Despite Tehran’s repeated denials of arming Shiite Houthi rebels in war-torn Yemen, government and military officials insist President Trump’s withdrawal from the landmark Iran nuclear deal has had an immediate impact in helping bring the four-year conflict at least a step toward closure.
“There is still some support. but we have seen it drop since the U.S. pulled out,” Abd-Rabbo Moftah, deputy governor of the Yemen city, of Ma’rib told Fox News. “Any way that support from Iran is lessened, is helpful in stopping the war. The Houthis were feeding on this deal, and legitimacy.”
Ahmed Awad bin Mubarak, Ambassador of Yemen to the U.S. and Permanent Representative to the United Nations, said that after talks started between the U.S. and Iran on the deal during the Obama administration, Iran subsequently “stepped up its military and financial support for the Houthi rebels in Yemen.”
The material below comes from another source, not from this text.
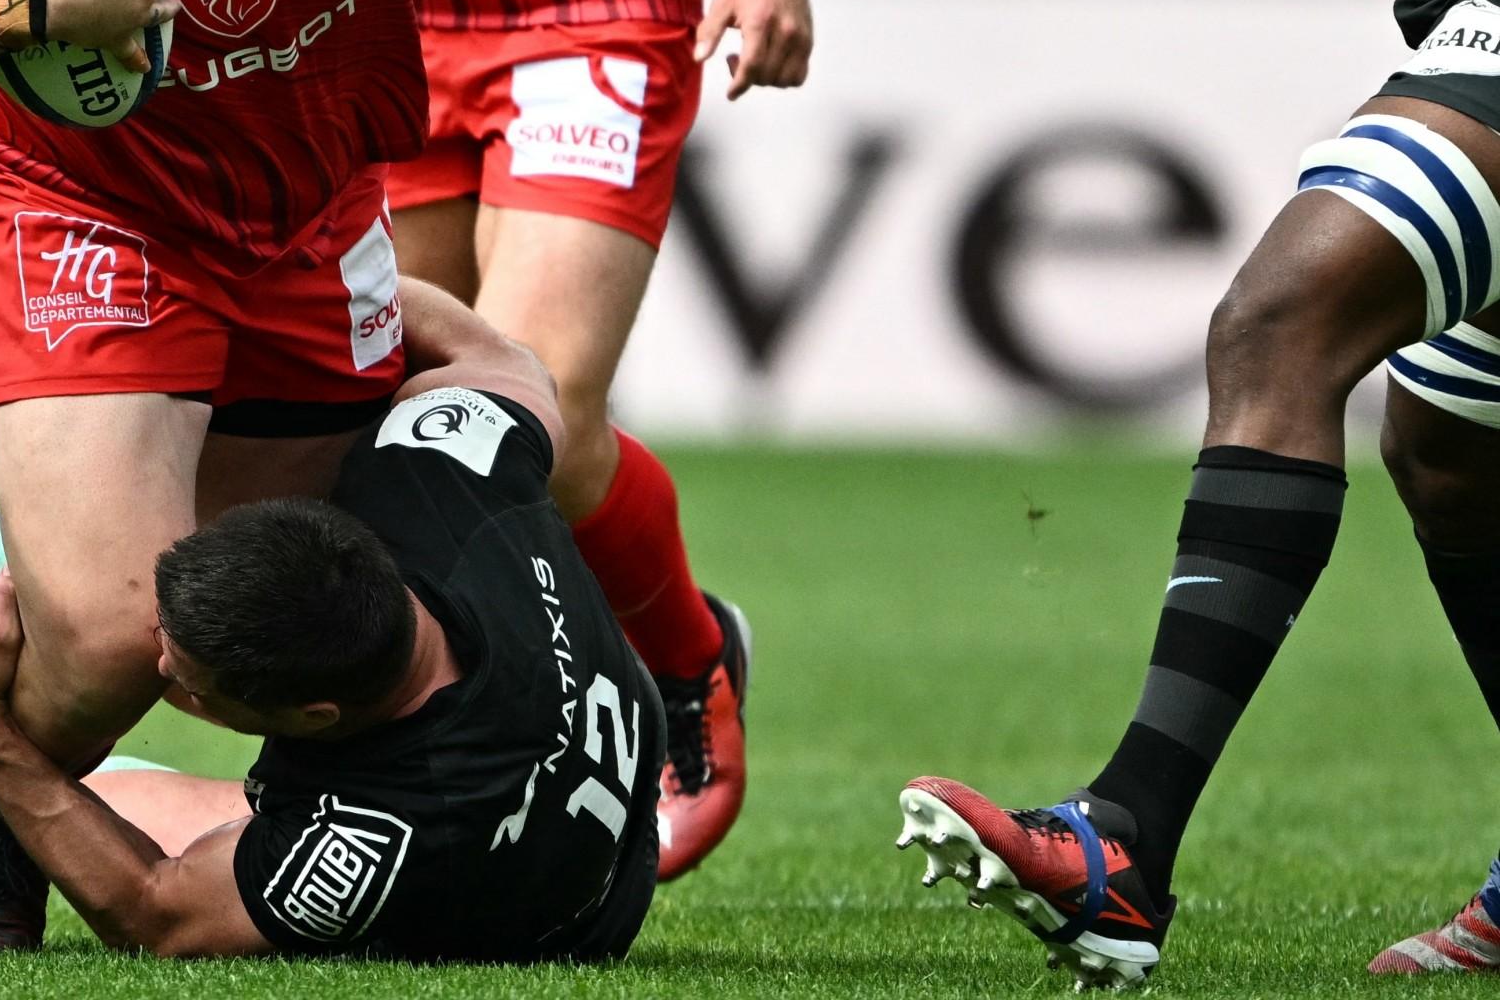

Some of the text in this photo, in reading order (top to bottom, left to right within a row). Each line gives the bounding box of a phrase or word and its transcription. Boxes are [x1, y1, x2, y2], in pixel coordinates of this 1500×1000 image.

“Nevertheless, the clear-eyed President Trump’s Iran strategy, along with withdrawing from the Iran deal and demanding that Iran cease its destabilizing behavior in the region, has made clear to Iran and its proxies in Yemen that meddling in the region will not be overlooked again,” Mubarak said. He added that as a result of these “strong and positive signals,” Iranian-backed Houthi rebels are beginning to engage more with the peace process.
“So withdrawing from the Iran deal will definitely contribute to the end of the war in Yemen,” he said.